Researchers suddenly find that their work is threatened by the weight of responsibility they have been shouldered with. The pursuit of knowledge to further our understanding of the world around us is no longer the driving force behind research. Instead, scientists spend their time forecasting the future profitability and the wide-reaching applications of their work before they’ve even begun their studies.

We can no longer afford to take risks and it seems we’re no longer willing to back the outsider, despite the greater reward if they should come up trumps. It begins to look like the approved areas of research have been ring-fenced along with the science budget.

We have all had to make sacrifices during the recession and the adopted mindset of Westminster has been damage limitation by minimising risk. But the PST community has been clear that progress isn’t made without taking risks. As Sir Paul Nurse, president of the Royal Society, explained in this year’s Dimbleby lecture: “We have to keep our spirit of adventure: to take risks and be prepared sometimes to fail as research at the cutting edge is not always successful.”

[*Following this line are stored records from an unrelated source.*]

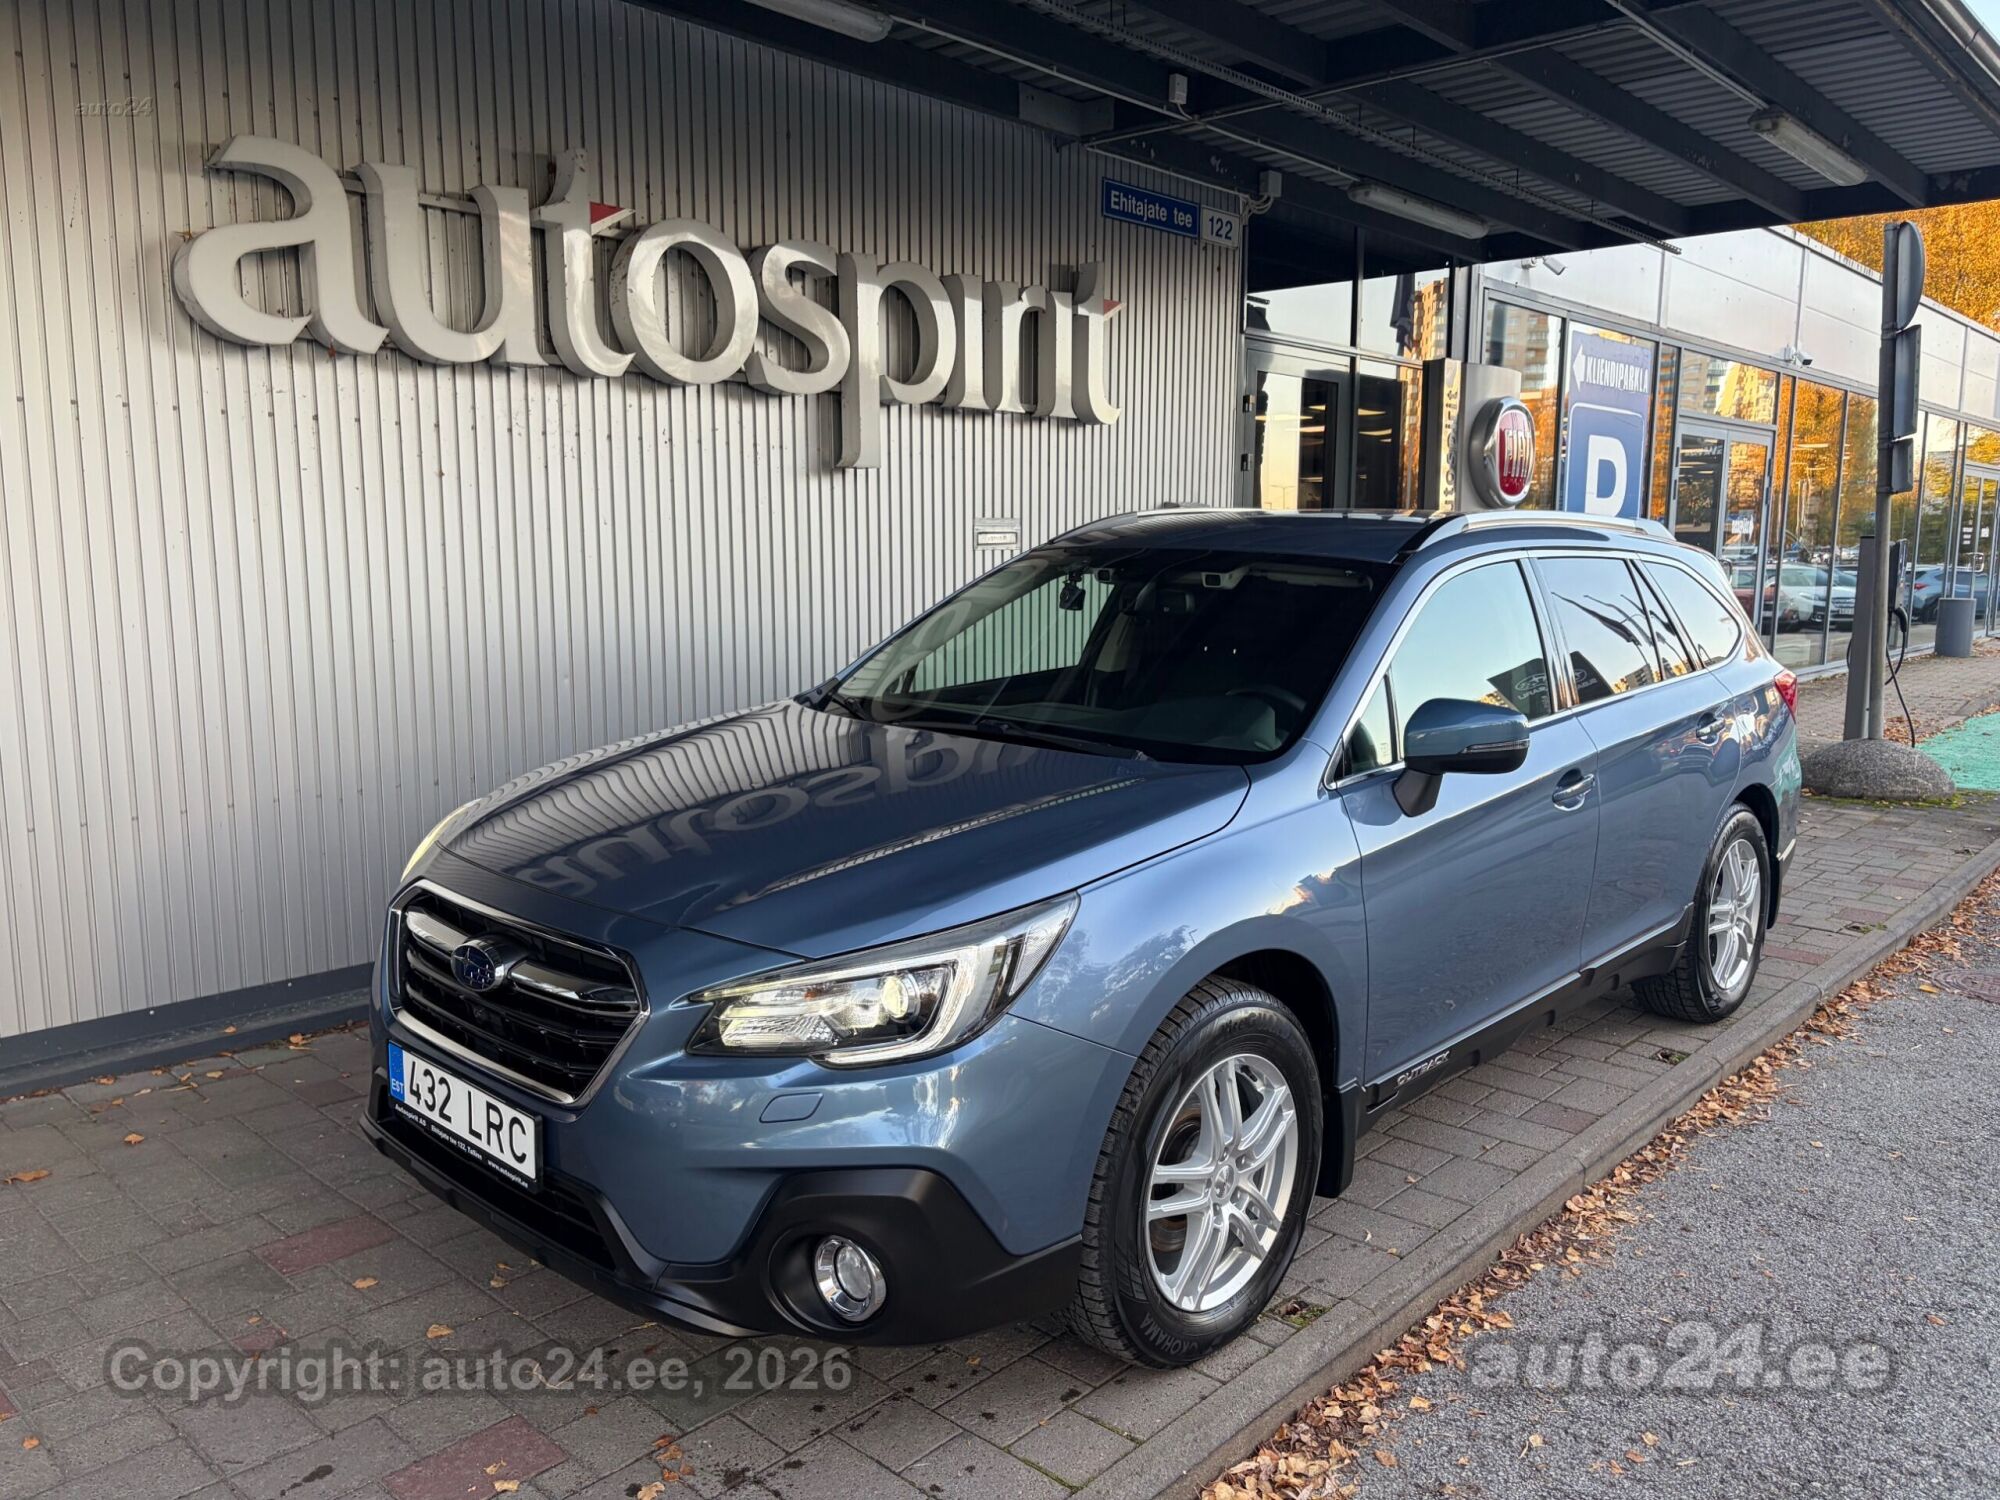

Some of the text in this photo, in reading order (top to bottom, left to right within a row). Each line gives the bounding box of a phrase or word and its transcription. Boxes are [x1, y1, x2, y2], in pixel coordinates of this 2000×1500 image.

[1110, 189, 1193, 228] Ehitajate tee
[1209, 215, 1233, 240] 122
[172, 134, 1122, 468] autospirit
[1586, 355, 1649, 393] KLIENDIPARKLA
[1443, 390, 1458, 511] utospirit
[1503, 429, 1531, 478] FIAT
[391, 1078, 404, 1095] EST
[1396, 1050, 1450, 1086] OUTBACK
[409, 1060, 527, 1164] 432 LRC

More importantly, there is a reason that we more closely scrutinise any science conducted in the pursuit of financial goals. While researchers like to believe that they are blind to to everything but the evidence, immune to the influences of outside parties, conflicts of interest are an inevitable result of the current funding climate. Take the case of Peter Francis, who applied for funding using data that had been fabricated.

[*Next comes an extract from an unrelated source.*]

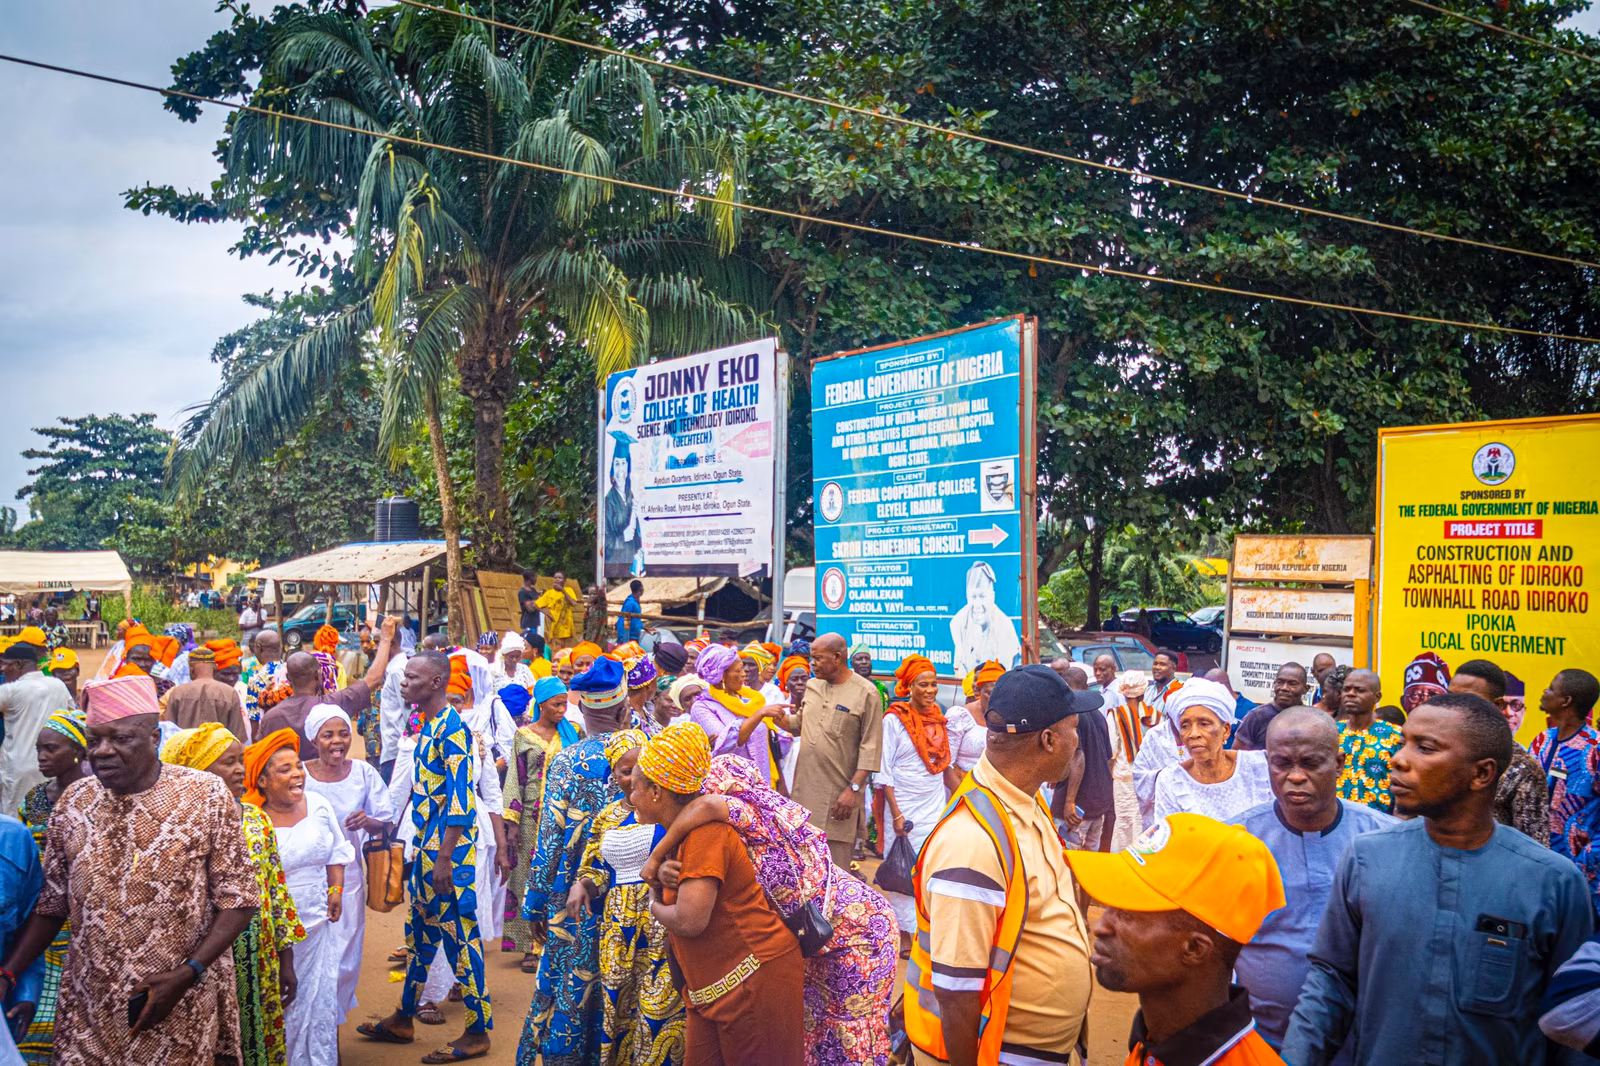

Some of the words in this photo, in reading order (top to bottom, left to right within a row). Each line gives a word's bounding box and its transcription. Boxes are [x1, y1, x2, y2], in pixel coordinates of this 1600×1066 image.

Ultimately it is the science that suffers, with reports of researchers admitting that fraudulent results can be the only way to secure publication in the most prestigious journals, and consequently their chances of further funding. Whilst reported cases of tweaked results remain low, using the public impact of research as a metric to judge funding allocation is an unwelcome encouragement. Manipulating the data to clinch that coveted front page splash might seem like just desserts for all that hard work but the simple truth is this: bad science is an expensive waste of time.

Given these tough economic times, we have seen the rise of a Government-led incentive for researchers to carry their work beyond publication. While there has been discussion in the scientific community over their reluctance to schmooze, the onus has been placed on them to commercialise their work by liaising with business leaders, entrepreneurs and private investors.

Scientists have often been guilty of living up to their stereotype of introverted boffins, preferring the company of plasmid vectors and the veil of anonymity that incomprehensible research affords its authors. But the times they are a-changin’. The necessity for scientists to communicate their work has arisen from their need to secure funding.

I’m sure we all want to see money available to foster the next generation of innovators who will be tasked with keeping the UK at the forefront of scientific research. This starts with ensuring that the communication of science is an integral part of the practice of science.

We have advanced the field at a rate that outpaces the public understanding. This creates fear and mistrust, with complex ethical, moral and legal issues arising in a subject that would ordinarily steer a wide course around them. For an investor, popularity often equals profitability. So who wants to fund science that is surrounded by messy public debates?

We at Purse String Theory have dedicated ourselves to illuminating the unenviable position that the UK’s researchers now find themselves in. Science funding: it may not draw the same levels of online traffic as “chocolate-covered sex” but it is evidently not a dry and dispassionate subject. And I feel confident that PST has done a greater service to our community than any pornographic confectioner.